Il était une fois, dans un pays lointain, un peuple de petits hommes heureux dans leur vallée verdoyante. D'un côté de cette vallée, une haute montagne abrupte et aride qui  les protège du vent du nord, de l'autre, une colline ensoleillée toute la journée. On peut voir les chèvres et les vaches paître paisiblement à l'ombre des cerisiers en fleurs. L'herbe est grasse et tout pousse facilement dans cette terre riche. Un joli ruisseau s'écoule en son milieu, tantôt chantant, tantôt roucoulant. Il vient de là-bas le joli ruisseau, tout là-haut au bout de la vallée. Un éboulement de gros rochers empêche nos amis de passer par là, mais lui, le joli ruisseau, passe où il veut entre les cailloux. Il dévale la pente douce, arrose les petits jardins devant des maisonnettes en bois et poursuit son chemin au bout de la vallée."


     Sora avait les yeux fermés et buvait les paroles de Kurai, s'imaginant dans cette vallée avec ce magnifique ruisseau. Elle était déjà complètement plongée dans la légende.


"Ah, ce bout de vallée ! Cet espace vers l'inconnu ! Personne ne l'a jamais vu. On dit qu'il existe un grand ruisseau, très large et très bleu qu'on appelle la mer.
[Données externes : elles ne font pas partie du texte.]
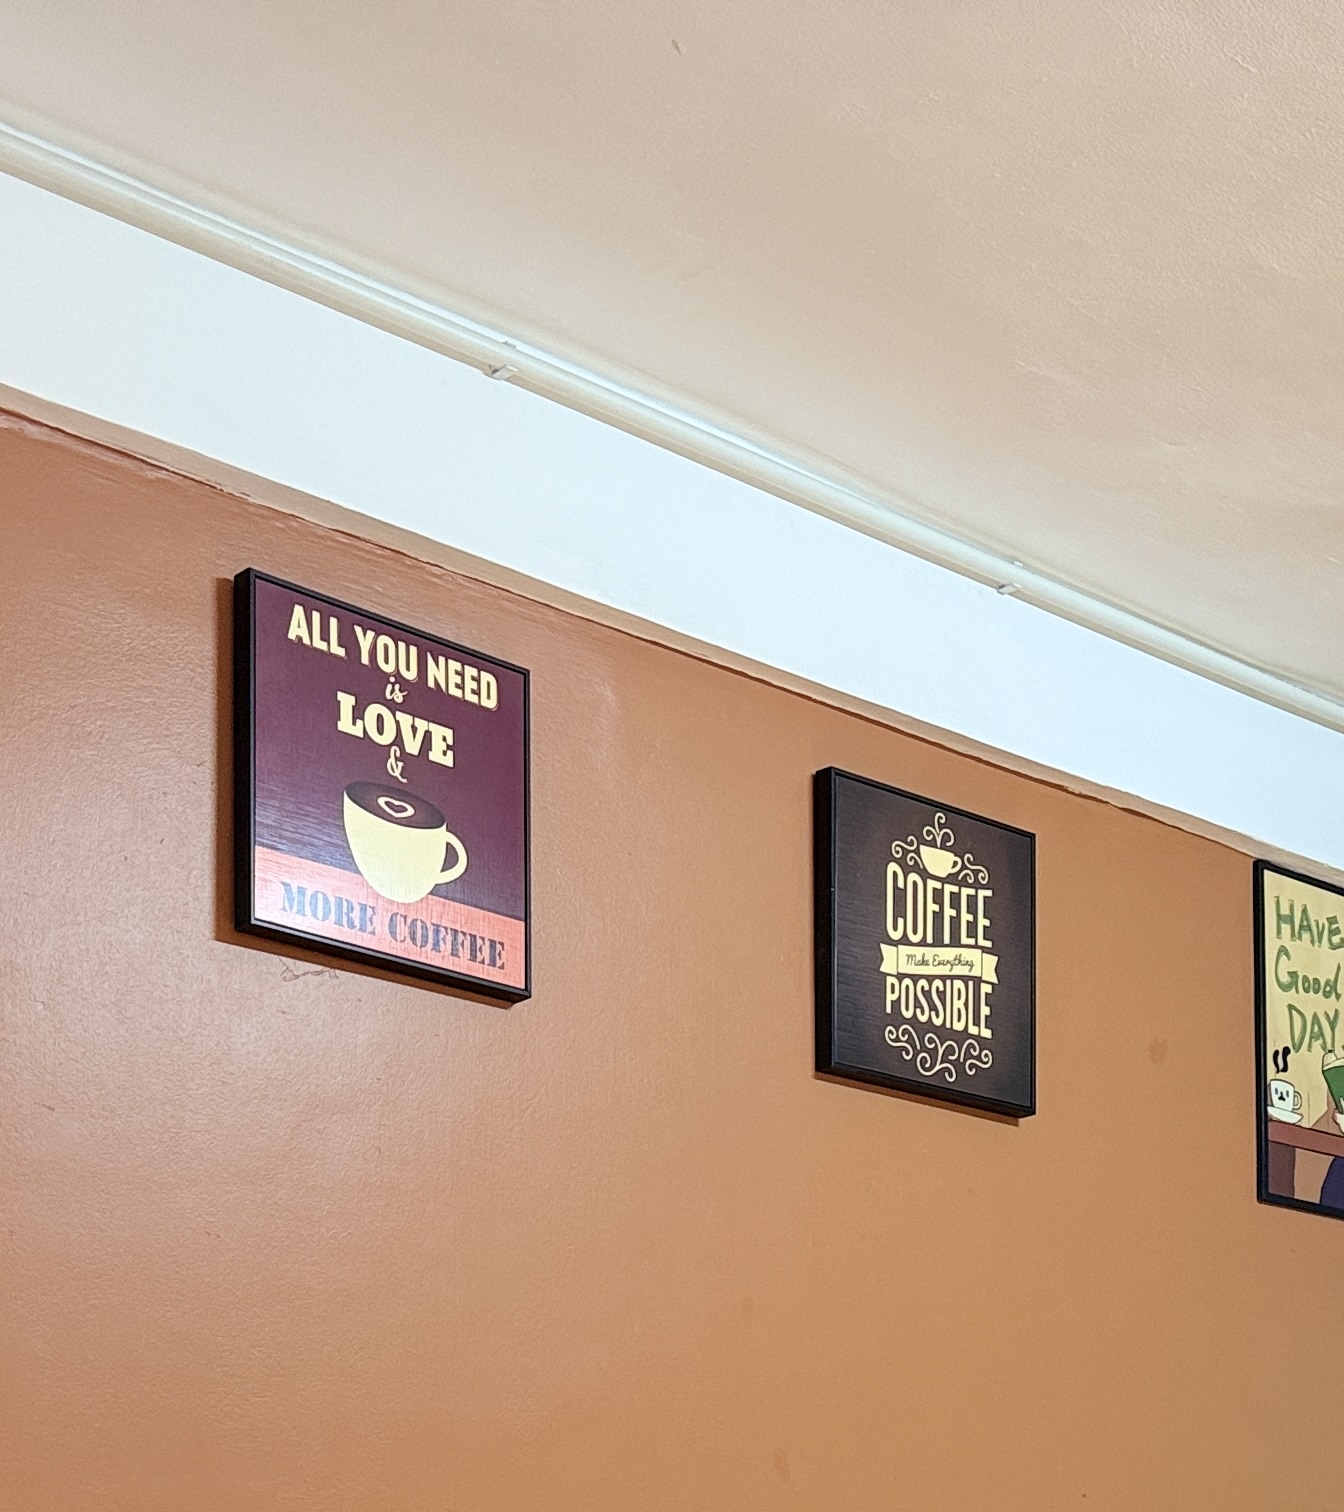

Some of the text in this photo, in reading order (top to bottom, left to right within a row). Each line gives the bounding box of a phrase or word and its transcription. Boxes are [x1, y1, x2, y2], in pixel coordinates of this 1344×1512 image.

On dit que la montagne se jette dans la mer. On dit beaucoup d'histoires le soir à la veillée mais personne n'a pu s'aventurer de l'autre côté de la vallée à cause du Dragon Bleu."


     Sora frissonna en entendant la fin de la phrase, mais pas de peur. Elle imaginait ce dragon majestueux, grand et fort. Une bête magnifique. Elle voulait connaître plus en détail l'histoire de ce dragon.


"Le Dragon Bleu vit dans une grotte cachée dans le flan de la montagne, juste au bout de la vallée. Il garde le passage et chaque fois qu'un habitant essaye de passer devant la grotte, il sort en claudiquant d'une patte sur l'autre, lourdement mais vivement. Il ouvre sa grosse gueule et lance d'immenses flammes rouges, bleues, jaunes dans un bruit infernal d'ouragan en dévastant tout autour de lui. Malheur à celui qui se trouve sur son passage, car le Dragon Bleu brûle tout ce qui passe à sa portée."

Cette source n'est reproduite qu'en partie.